What Are The Possible Complications Of Treatments?

Monday, April 23, 2012 - 16:24

Contributing Author: Guy Slowik FRCS

All medical and surgical treatments involve some risk. This is especially true for surgical procedures such as TUIP, TURP, and open prostatectomy.


Following surgery for BPH, the incidence of impotence can range between four and 30 percent, depending on the surgical technique employed. Impotence means an inability to achieve or maintain an erection. Following surgery for BPH, complete recovery of sexual function may take as long as a year to achieve.

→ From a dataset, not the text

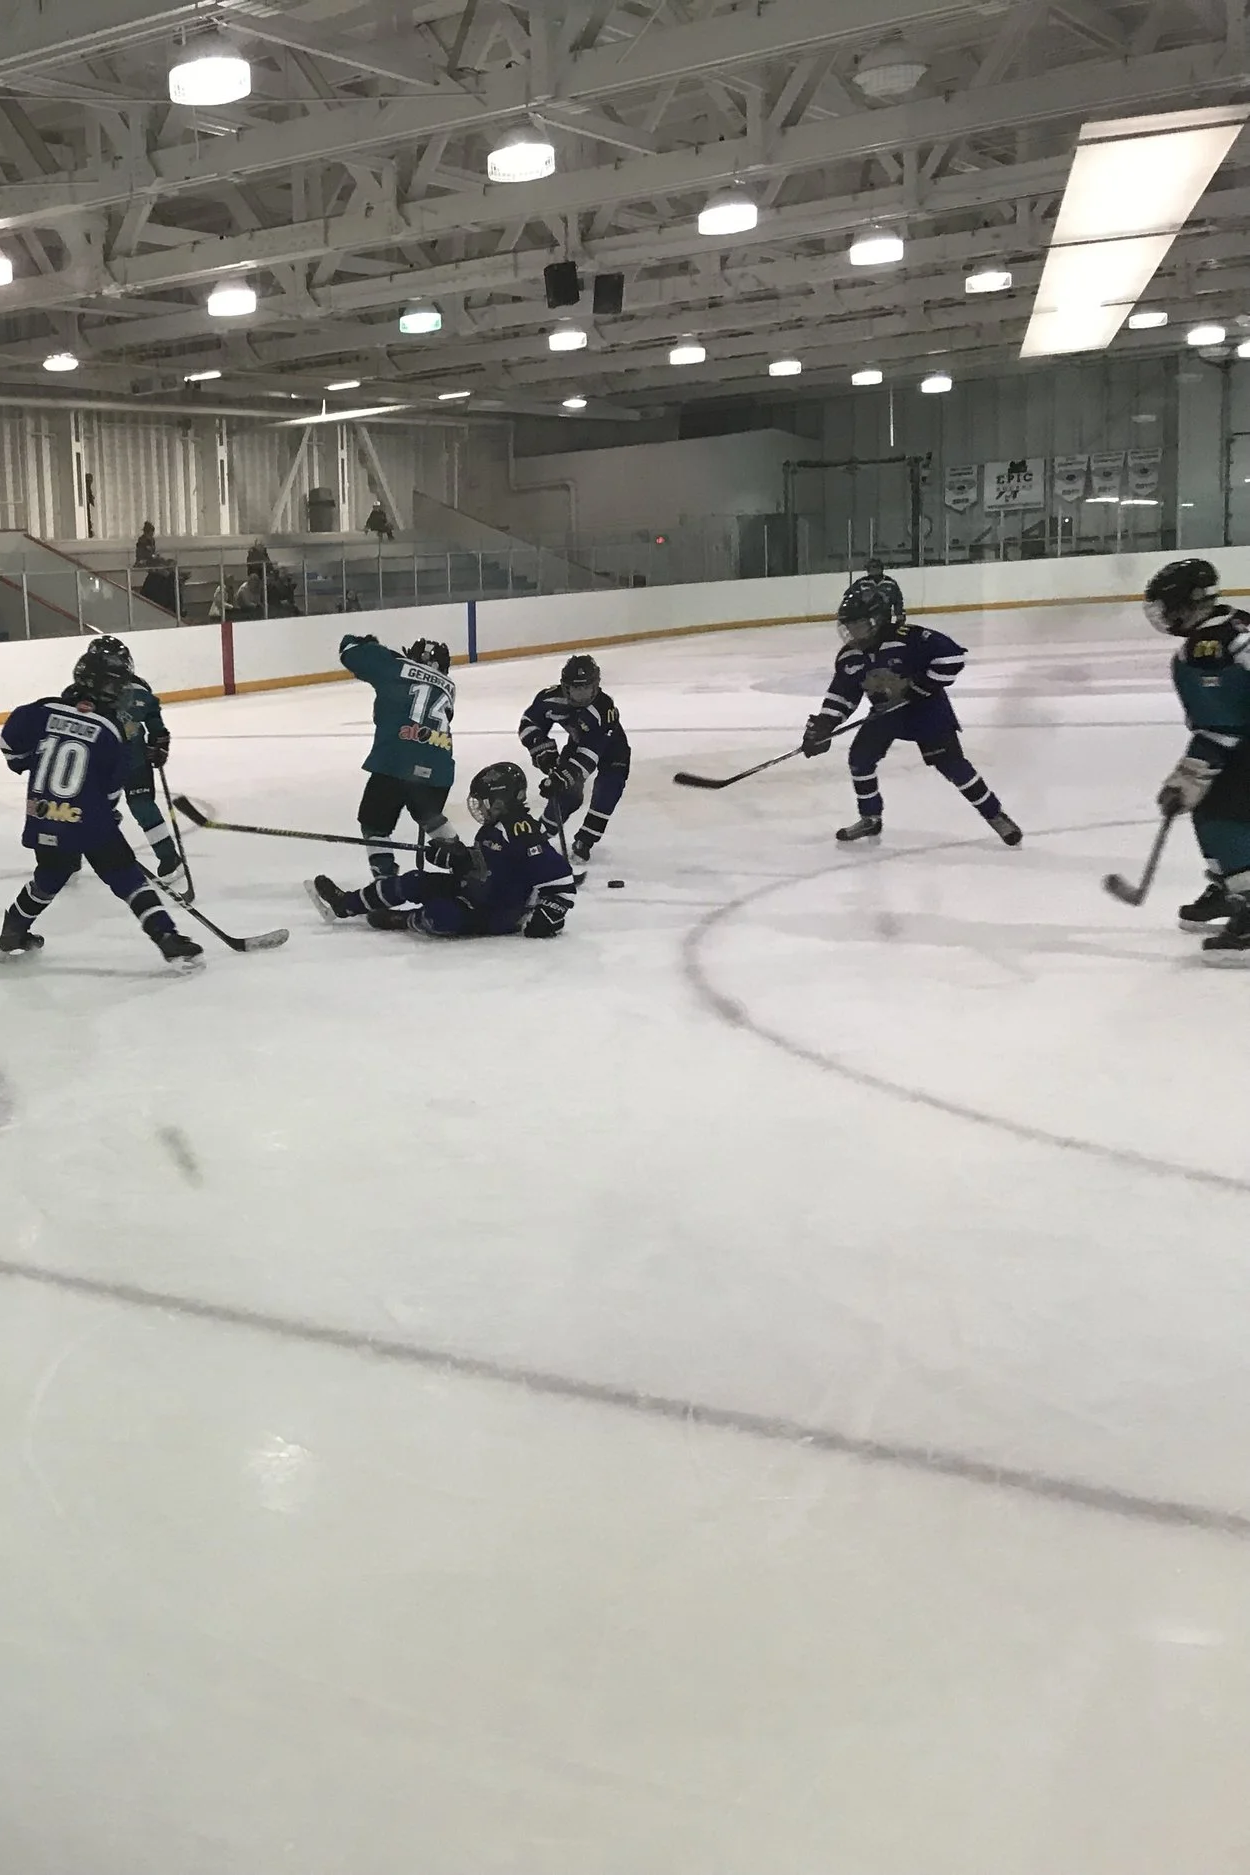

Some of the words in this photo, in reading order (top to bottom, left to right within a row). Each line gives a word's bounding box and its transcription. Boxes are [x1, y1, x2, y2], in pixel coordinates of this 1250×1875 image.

[996, 473, 1034, 485] EPIC
[409, 683, 454, 736] 14
[32, 735, 90, 799] 10

If a man was potent before surgery, the chances are very good that he will be able to maintain an erection after surgery. However, a problem called retrograde ejaculation can occur. During sexual intercourse, semen is shunted into the bladder rather than propelled through the urethra to the outside. In other words, the orgasm is "dry." This condition alters the sensation of orgasm and may cause sterility.

Urinary Incontinence

Postoperatively, a man may have temporary problems controlling his ability to pass urine-but in only one to three percent of cases is there permanent urinary incontinence . The discomfort during urination or a strong urge to urinate, which are caused when urine flows next to the surgical area, will gradually decrease and should disappear after several months.

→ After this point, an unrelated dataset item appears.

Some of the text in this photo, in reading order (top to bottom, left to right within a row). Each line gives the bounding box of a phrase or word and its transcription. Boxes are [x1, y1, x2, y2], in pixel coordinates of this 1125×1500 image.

Sometimes following surgery, the urine may appear bright red or may contain clumped blood. This may suggest continued bleeding at the operation site. This complication, if excessive or persistent, should be reported immediately to your urologist.

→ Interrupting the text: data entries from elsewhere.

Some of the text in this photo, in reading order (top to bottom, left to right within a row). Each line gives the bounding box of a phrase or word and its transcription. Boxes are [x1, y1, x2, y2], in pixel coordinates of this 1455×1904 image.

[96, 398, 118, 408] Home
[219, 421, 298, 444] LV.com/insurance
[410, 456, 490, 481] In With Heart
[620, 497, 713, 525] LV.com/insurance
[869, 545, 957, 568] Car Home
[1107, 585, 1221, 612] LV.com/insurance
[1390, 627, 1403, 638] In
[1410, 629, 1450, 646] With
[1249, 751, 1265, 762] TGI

However, as a consequence of the healing process, some blood may appear in the urine following surgery for BPH. With adequate rest and increased fluid intake, the appearance of blood in the urine should disappear over time.


Death associated with surgery for BPH ranges between 1.5 and 3.5 percent of all cases. The risk is relatively low but must be carefully weighed against the need for and benefits of the surgical intervention.